• [RECORDS]
■ ■ ■ ■ ■ ■ ■

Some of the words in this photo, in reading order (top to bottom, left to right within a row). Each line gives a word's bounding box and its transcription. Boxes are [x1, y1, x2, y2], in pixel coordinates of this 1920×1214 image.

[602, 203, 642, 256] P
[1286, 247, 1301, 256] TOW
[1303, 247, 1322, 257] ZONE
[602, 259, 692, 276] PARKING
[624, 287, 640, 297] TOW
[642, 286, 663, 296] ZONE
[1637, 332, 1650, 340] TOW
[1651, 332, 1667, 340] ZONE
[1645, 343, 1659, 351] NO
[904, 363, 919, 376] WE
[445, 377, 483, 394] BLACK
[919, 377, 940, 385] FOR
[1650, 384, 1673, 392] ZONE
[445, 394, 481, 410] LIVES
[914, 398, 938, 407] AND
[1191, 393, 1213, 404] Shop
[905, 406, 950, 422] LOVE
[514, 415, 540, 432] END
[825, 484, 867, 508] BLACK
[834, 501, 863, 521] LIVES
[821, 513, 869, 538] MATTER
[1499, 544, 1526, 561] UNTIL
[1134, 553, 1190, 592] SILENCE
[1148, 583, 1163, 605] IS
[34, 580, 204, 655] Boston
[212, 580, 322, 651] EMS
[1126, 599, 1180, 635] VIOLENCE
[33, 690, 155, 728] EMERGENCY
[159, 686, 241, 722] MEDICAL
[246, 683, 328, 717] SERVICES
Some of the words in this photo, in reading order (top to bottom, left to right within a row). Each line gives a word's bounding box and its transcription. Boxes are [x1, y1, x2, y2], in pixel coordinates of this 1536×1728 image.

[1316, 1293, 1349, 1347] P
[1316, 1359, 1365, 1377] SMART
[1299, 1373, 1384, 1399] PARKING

■ ■ ■ ■ ■ ■ ■

Restate the listing word for word.

Some of the words in this photo, in reading order (top to bottom, left to right within a row). Each line gives a word's bounding box and its transcription. Boxes are [x1, y1, x2, y2], in pixel coordinates of this 1920×1214 image.

[602, 203, 642, 256] P
[1286, 247, 1301, 256] TOW
[1303, 247, 1322, 257] ZONE
[602, 259, 692, 276] PARKING
[624, 287, 640, 297] TOW
[642, 286, 663, 296] ZONE
[1637, 332, 1650, 340] TOW
[1651, 332, 1667, 340] ZONE
[1645, 343, 1659, 351] NO
[904, 363, 919, 376] WE
[445, 377, 483, 394] BLACK
[919, 377, 940, 385] FOR
[1650, 384, 1673, 392] ZONE
[445, 394, 481, 410] LIVES
[914, 398, 938, 407] AND
[1191, 393, 1213, 404] Shop
[905, 406, 950, 422] LOVE
[514, 415, 540, 432] END
[825, 484, 867, 508] BLACK
[834, 501, 863, 521] LIVES
[821, 513, 869, 538] MATTER
[1499, 544, 1526, 561] UNTIL
[1134, 553, 1190, 592] SILENCE
[1148, 583, 1163, 605] IS
[34, 580, 204, 655] Boston
[212, 580, 322, 651] EMS
[1126, 599, 1180, 635] VIOLENCE
[33, 690, 155, 728] EMERGENCY
[159, 686, 241, 722] MEDICAL
[246, 683, 328, 717] SERVICES
Some of the words in this photo, in reading order (top to bottom, left to right within a row). Each line gives a word's bounding box and its transcription. Boxes are [x1, y1, x2, y2], in pixel coordinates of this 1536×1728 image.

[1316, 1293, 1349, 1347] P
[1316, 1359, 1365, 1377] SMART
[1299, 1373, 1384, 1399] PARKING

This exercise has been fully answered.